Plus près de son restaurant à Carthagène, il a également développé un important partenariat avec la Fondation Granitos de Paz qui, entre autres initiatives, a un programme de conversion de patios en jardins biologiques capables de produire des aliments qui aident les communautés à vivre de leurs revenus, à améliorer la nutrition et la santé et encourager l'autonomisation des femmes et de l'économie locale. A ce jour, il existe déjà une centaine de chantiers productifs qui augmentent les revenus d'environ 60 maraîchers qui produisent de la citronnelle, de la coriandre, de la roquette et de nombreuses fleurs comestibles, comme le moringa et le pois papillon. Les femmes qui vivent dans la banlieue aident à fournir presque toutes les fleurs que Rodriguez utilise dans sa cuisine, un important effort de sauvetage de la floraison de la vivante cuisine côtière de la Colombie.

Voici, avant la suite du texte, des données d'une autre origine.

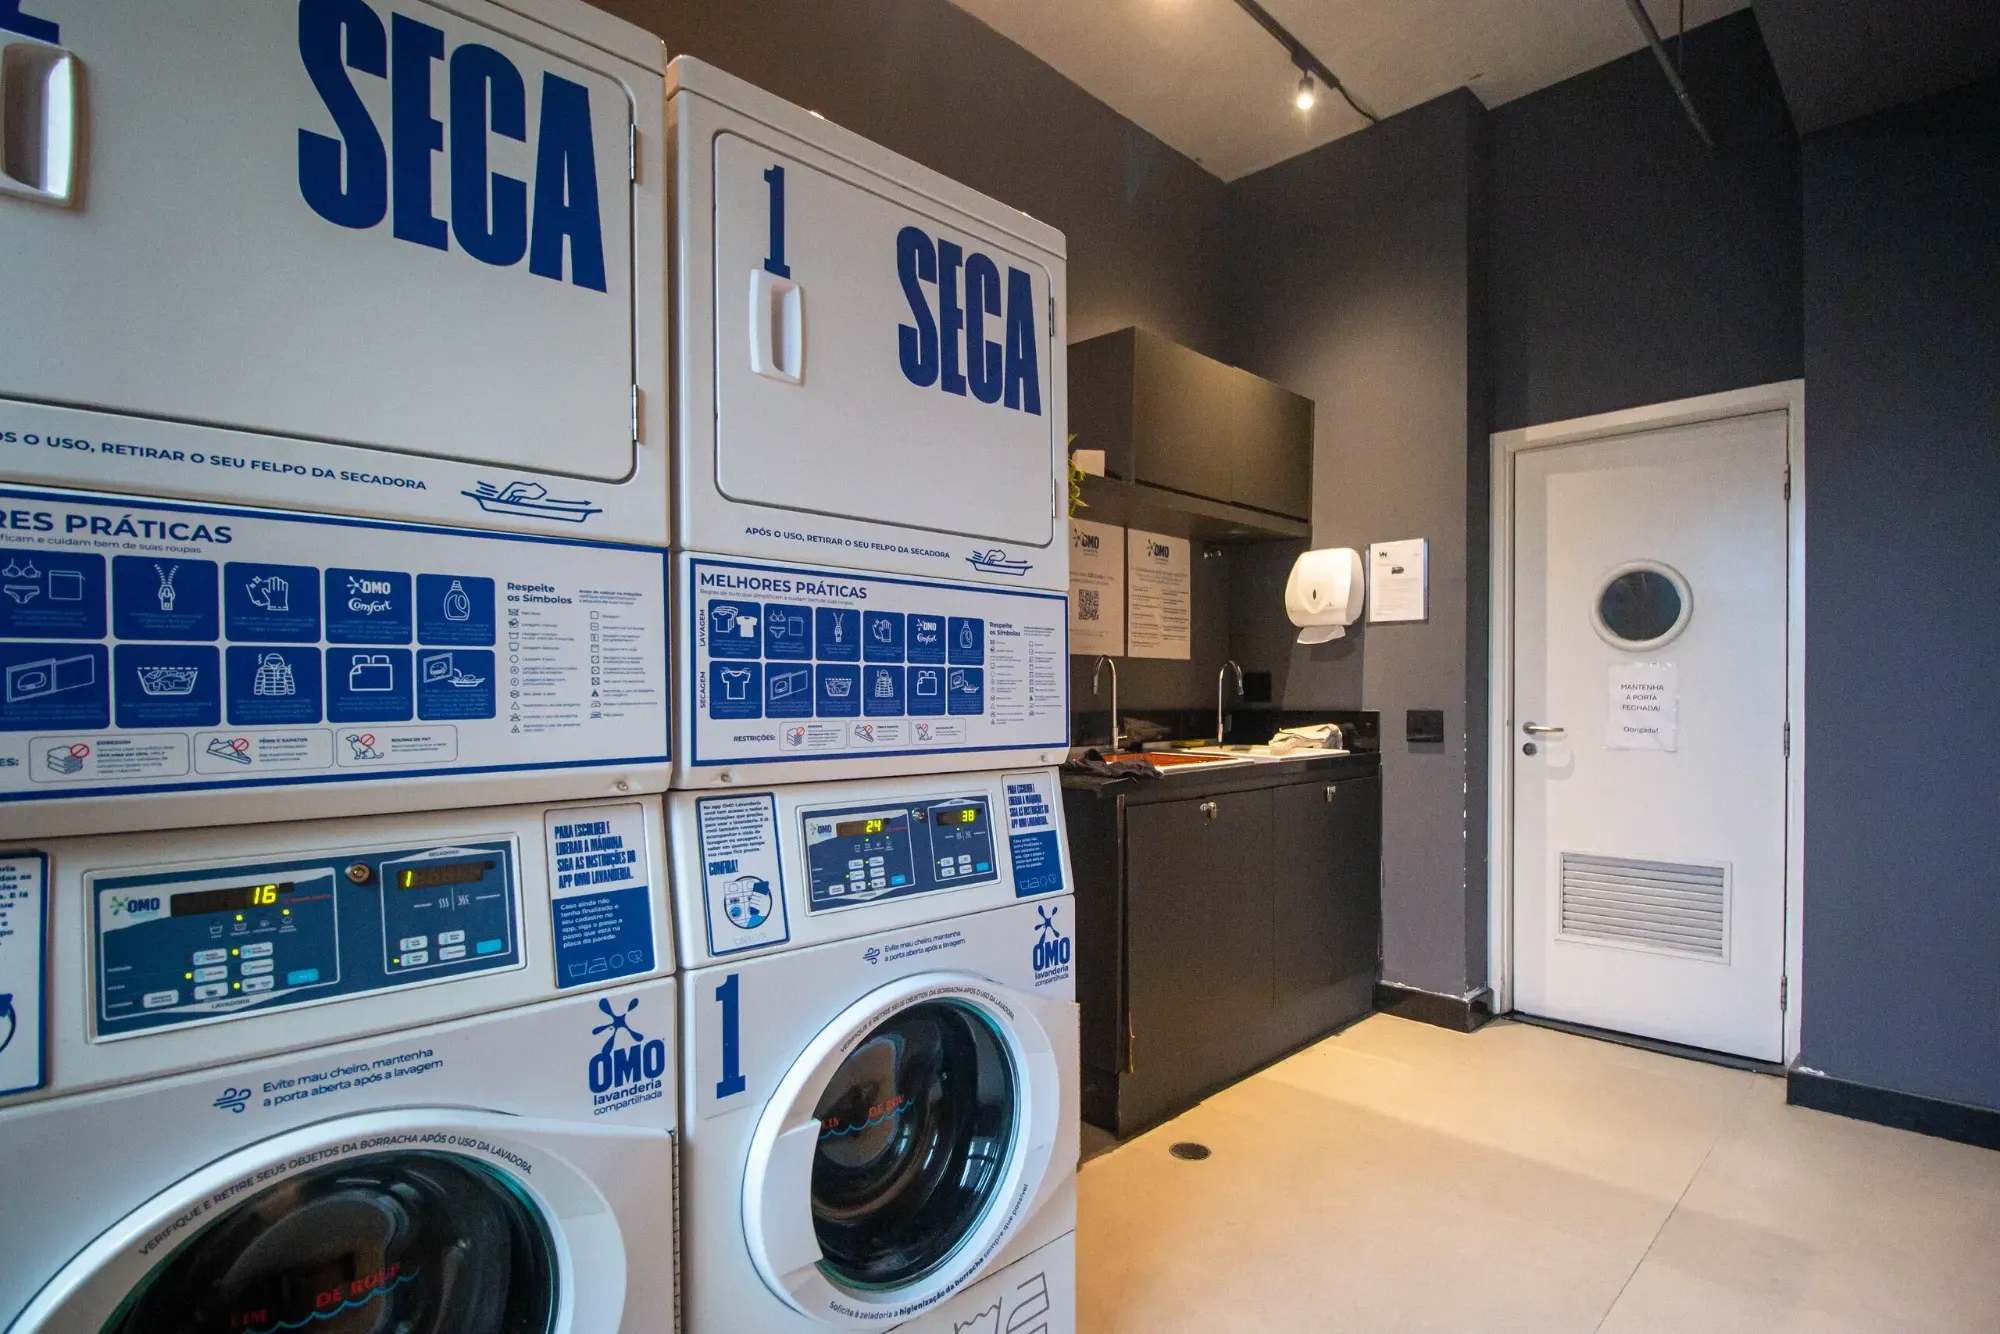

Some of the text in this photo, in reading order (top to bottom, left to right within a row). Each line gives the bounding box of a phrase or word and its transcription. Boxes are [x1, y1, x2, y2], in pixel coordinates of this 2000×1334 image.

[298, 0, 607, 293] SECA
[764, 164, 790, 279] 1
[897, 226, 1041, 416] SECA
[0, 431, 427, 490] S O USO, RETIRAR O SEU FELPO DA SECADORA
[66, 514, 233, 544] PRÁTICAS
[47, 536, 91, 547] cuidam
[94, 539, 120, 549] bem
[122, 542, 137, 550] de
[139, 544, 163, 552] suas
[166, 546, 202, 555] roupas
[745, 526, 771, 537] APÓS
[774, 530, 781, 538] O
[783, 532, 805, 542] USO,
[806, 534, 843, 546] RETIRAR
[853, 540, 869, 549] SEU
[871, 542, 896, 552] FELPO
[910, 547, 950, 559] SECADORA
[362, 581, 391, 595] OMO
[507, 582, 555, 594] Respeite
[701, 573, 867, 599] MELHORES PRÁTICAS
[348, 597, 393, 615] Comfort
[507, 594, 520, 602] os
[523, 594, 573, 605] Símbolos
[990, 622, 1013, 630] Respeite
[997, 629, 1020, 637] Símbolos
[962, 809, 974, 822] 38
[554, 824, 574, 840] PARA
[817, 825, 832, 834] OMO
[866, 820, 881, 833] 24
[557, 857, 574, 872] SIGA
[575, 855, 584, 870] AS
[558, 874, 572, 889] APP
[574, 872, 590, 886] OMO
[253, 884, 277, 905] 16
[127, 897, 160, 913] OMO
[561, 910, 580, 918] tenha
[582, 905, 613, 914] finalizado
[578, 900, 596, 908] ainda
[575, 914, 603, 923] cadastro
[578, 922, 591, 930] siga
[598, 919, 617, 928] passo
[563, 933, 582, 941] passo
[583, 930, 596, 938] que
[563, 939, 581, 949] placa
[884, 944, 899, 953] Evite
[933, 931, 961, 942] mantenha
[889, 952, 905, 961] porta
[905, 948, 924, 957] aberta
[942, 938, 965, 949] lavagem
[1032, 937, 1070, 971] OMO
[1035, 965, 1069, 980] lavanderia
[716, 973, 746, 1099] 1
[263, 1048, 434, 1093] Evite mau cheiro, mantenha
[588, 1039, 665, 1093] OMO
[263, 1099, 271, 1107] a
[274, 1089, 308, 1106] porta
[311, 1081, 351, 1096] aberta
[353, 1073, 382, 1088] após
[393, 1059, 443, 1078] lavagem
[594, 1079, 662, 1106] lavanderia
[593, 1090, 662, 1116] compartilhada
[139, 1207, 202, 1256] VERIFIQUE
[213, 1178, 254, 1204] RETIRE
[256, 1163, 286, 1183] SEUS
[288, 1146, 339, 1169] OBJETOS
[342, 1141, 358, 1154] DA
[360, 1134, 418, 1150] BORRACHA
[420, 1132, 446, 1144] APÓS
[448, 1135, 456, 1144] O
[457, 1136, 477, 1148] USO
[477, 1140, 490, 1152] DA
[829, 1300, 853, 1317] Solicite
[859, 1311, 892, 1319] zeladoria
[899, 1291, 945, 1316] higienização
[946, 1284, 955, 1294] da
[954, 1258, 984, 1287] borracha
[983, 1231, 1003, 1258] sempre
[1003, 1216, 1014, 1231] que
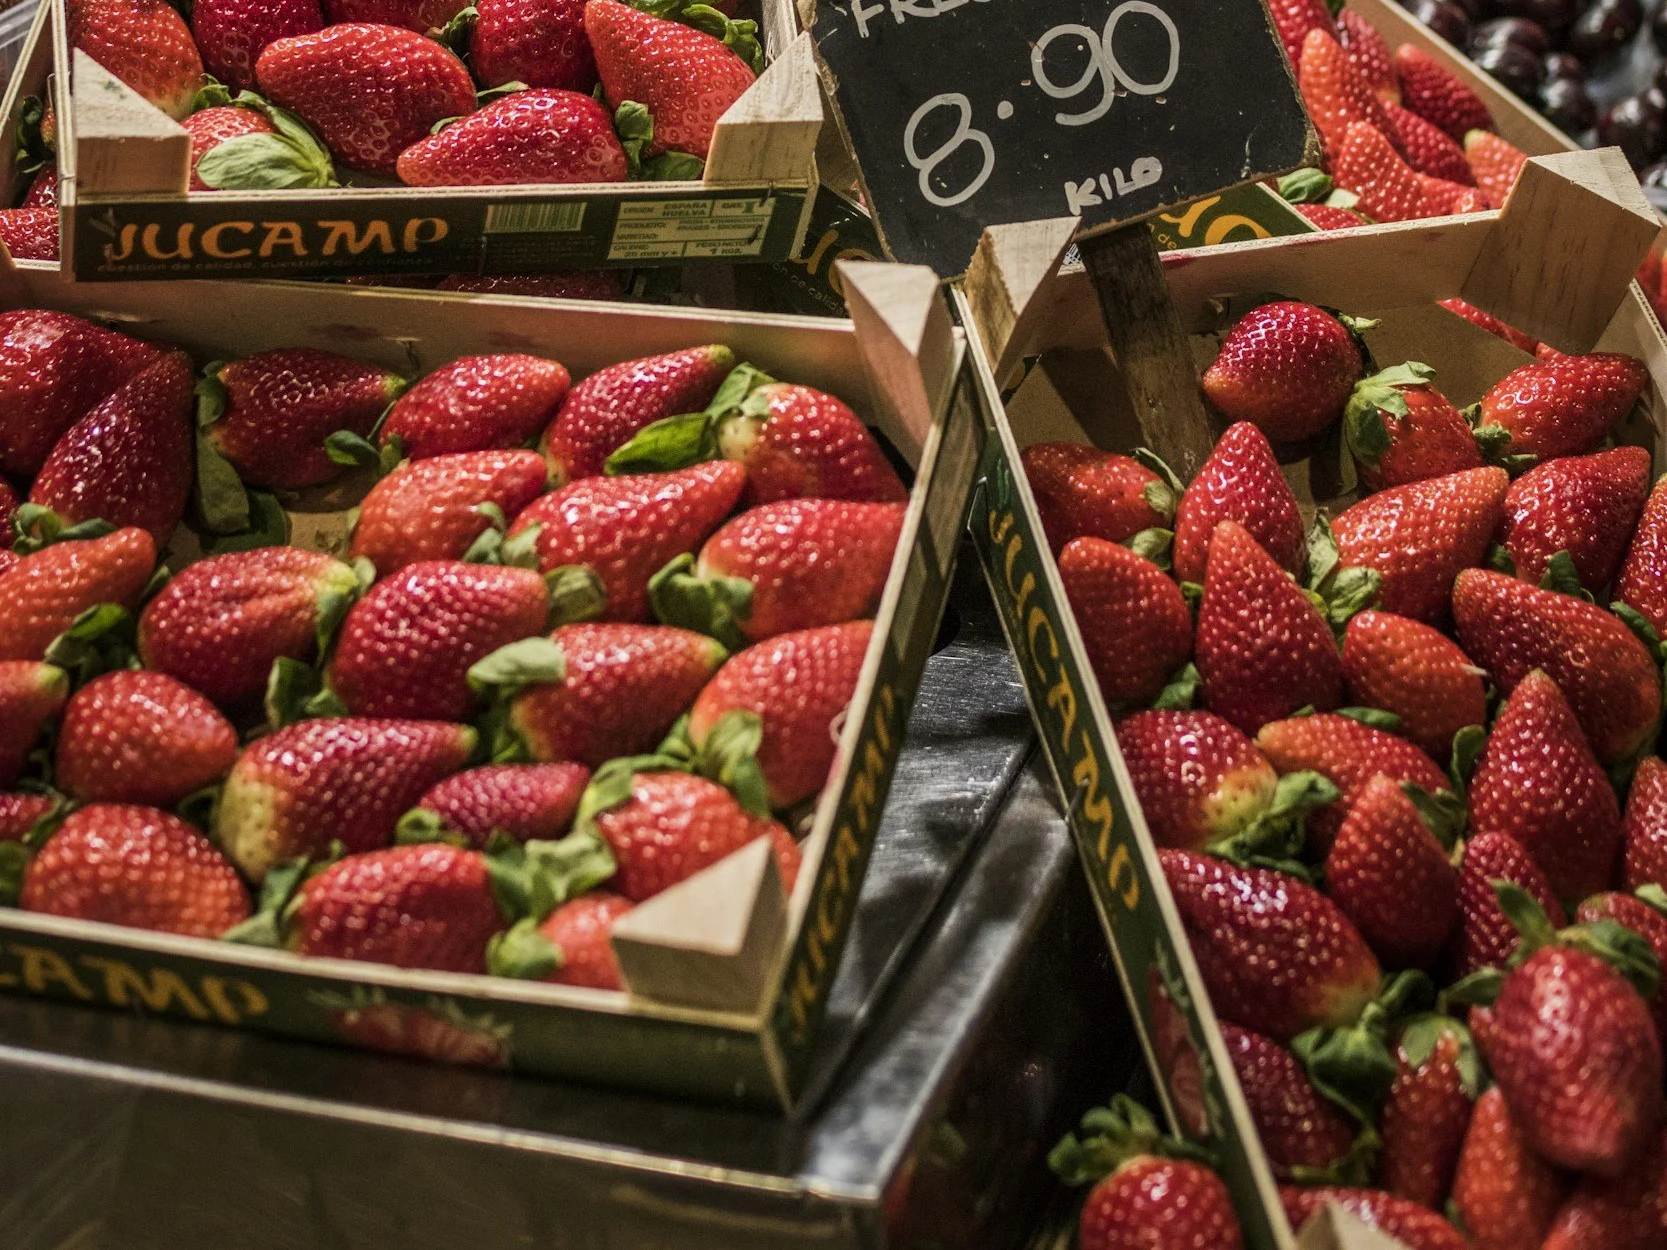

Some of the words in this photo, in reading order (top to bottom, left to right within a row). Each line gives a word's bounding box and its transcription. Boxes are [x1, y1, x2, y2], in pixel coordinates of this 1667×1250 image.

[903, 0, 1180, 207] 8.90
[1064, 156, 1163, 217] KILO
[664, 202, 707, 210] ESPAÑA
[111, 217, 449, 260] JUCAMP
[1157, 233, 1178, 250] de
[171, 262, 192, 270] de
[624, 250, 638, 258] 25
[989, 508, 1141, 911] JUCAMP

De son patio de 60 mètres carrés, Yarys Ortiz produit de nombreuses fleurs qui composent les plats de Celele, comme la salade de fleurs des Caraïbes et le sorbet à la noix de coco et la fleur d'amour. Depuis qu'elle a rejoint la fondation, elle a quitté son emploi de domestique pour se consacrer à son entreprise. "J'ai eu beaucoup d'aide au début, mais aujourd'hui, je peux déjà gagner un bon revenu [plus de cinq fois ce qu'elle gagnait avec le ménage], j'ai construit ma maison et je vis pour planter mes herbes et mes fleurs", dit-elle. Les fleurs violettes, roses et blanches qui colorent l'arrière-cour d'Ortiz ont déjà atteint le marché américain.
Chaque mois, elle et les femmes associées participent également à des ateliers sur l'amélioration de la culture et l'utilisation de ce qu'elles cultivent dans leur propre nourriture. Lors d'une de ces réunions, Rodriguez a cuisiné avec eux des plats qu'il sert à ses invités au Celele. C'était la première fois qu'elle mangeait une fleur. Et quel était le goût ? « C'était un peu bizarre au début, mais j'aimais ça ; ça avait une sensation d'herbes », rit-elle. Pour Ortiz, cela avait aussi le goût de l’autonomie.